● What you should do
What is needed is an exact transcription of every entry below.

● Data in this exercise

__________

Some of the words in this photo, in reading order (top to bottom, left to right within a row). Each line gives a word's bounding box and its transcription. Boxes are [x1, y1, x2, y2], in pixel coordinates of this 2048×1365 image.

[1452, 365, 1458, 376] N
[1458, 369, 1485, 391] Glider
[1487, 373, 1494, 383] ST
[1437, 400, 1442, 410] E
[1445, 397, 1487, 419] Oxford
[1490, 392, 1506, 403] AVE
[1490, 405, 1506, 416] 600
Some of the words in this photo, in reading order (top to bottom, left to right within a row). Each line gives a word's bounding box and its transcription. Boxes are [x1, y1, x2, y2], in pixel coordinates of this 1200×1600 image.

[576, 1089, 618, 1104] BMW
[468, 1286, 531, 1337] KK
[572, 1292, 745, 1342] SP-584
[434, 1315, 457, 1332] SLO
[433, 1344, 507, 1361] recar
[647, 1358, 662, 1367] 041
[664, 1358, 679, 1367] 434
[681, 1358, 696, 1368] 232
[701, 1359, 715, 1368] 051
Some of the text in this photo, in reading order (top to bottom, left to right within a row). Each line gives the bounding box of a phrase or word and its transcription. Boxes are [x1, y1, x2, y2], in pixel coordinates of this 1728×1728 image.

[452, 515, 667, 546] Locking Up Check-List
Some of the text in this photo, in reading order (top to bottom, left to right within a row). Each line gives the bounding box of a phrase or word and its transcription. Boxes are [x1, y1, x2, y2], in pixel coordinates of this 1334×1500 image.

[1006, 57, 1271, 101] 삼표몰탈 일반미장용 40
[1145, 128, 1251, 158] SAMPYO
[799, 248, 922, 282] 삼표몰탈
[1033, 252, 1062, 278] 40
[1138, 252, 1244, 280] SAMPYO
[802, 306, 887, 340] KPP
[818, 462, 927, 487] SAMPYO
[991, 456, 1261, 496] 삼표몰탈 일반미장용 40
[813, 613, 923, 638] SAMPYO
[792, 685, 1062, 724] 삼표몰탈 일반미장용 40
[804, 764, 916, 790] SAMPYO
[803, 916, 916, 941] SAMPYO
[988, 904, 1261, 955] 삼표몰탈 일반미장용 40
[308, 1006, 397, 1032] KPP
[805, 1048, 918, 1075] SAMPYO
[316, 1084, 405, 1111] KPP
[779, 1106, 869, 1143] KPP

__________

● Answer
Some of the words in this photo, in reading order (top to bottom, left to right within a row). Each line gives a word's bounding box and its transcription. Boxes are [x1, y1, x2, y2], in pixel coordinates of this 2048×1365 image.

[1452, 365, 1458, 376] N
[1458, 369, 1485, 391] Glider
[1487, 373, 1494, 383] ST
[1437, 400, 1442, 410] E
[1445, 397, 1487, 419] Oxford
[1490, 392, 1506, 403] AVE
[1490, 405, 1506, 416] 600
Some of the words in this photo, in reading order (top to bottom, left to right within a row). Each line gives a word's bounding box and its transcription. Boxes are [x1, y1, x2, y2], in pixel coordinates of this 1200×1600 image.

[576, 1089, 618, 1104] BMW
[468, 1286, 531, 1337] KK
[572, 1292, 745, 1342] SP-584
[434, 1315, 457, 1332] SLO
[433, 1344, 507, 1361] recar
[647, 1358, 662, 1367] 041
[664, 1358, 679, 1367] 434
[681, 1358, 696, 1368] 232
[701, 1359, 715, 1368] 051
Some of the text in this photo, in reading order (top to bottom, left to right within a row). Each line gives the bounding box of a phrase or word and its transcription. Boxes are [x1, y1, x2, y2], in pixel coordinates of this 1728×1728 image.

[452, 515, 667, 546] Locking Up Check-List
Some of the text in this photo, in reading order (top to bottom, left to right within a row). Each line gives the bounding box of a phrase or word and its transcription. Boxes are [x1, y1, x2, y2], in pixel coordinates of this 1334×1500 image.

[1006, 57, 1271, 101] 삼표몰탈 일반미장용 40
[1145, 128, 1251, 158] SAMPYO
[799, 248, 922, 282] 삼표몰탈
[1033, 252, 1062, 278] 40
[1138, 252, 1244, 280] SAMPYO
[802, 306, 887, 340] KPP
[818, 462, 927, 487] SAMPYO
[991, 456, 1261, 496] 삼표몰탈 일반미장용 40
[813, 613, 923, 638] SAMPYO
[792, 685, 1062, 724] 삼표몰탈 일반미장용 40
[804, 764, 916, 790] SAMPYO
[803, 916, 916, 941] SAMPYO
[988, 904, 1261, 955] 삼표몰탈 일반미장용 40
[308, 1006, 397, 1032] KPP
[805, 1048, 918, 1075] SAMPYO
[316, 1084, 405, 1111] KPP
[779, 1106, 869, 1143] KPP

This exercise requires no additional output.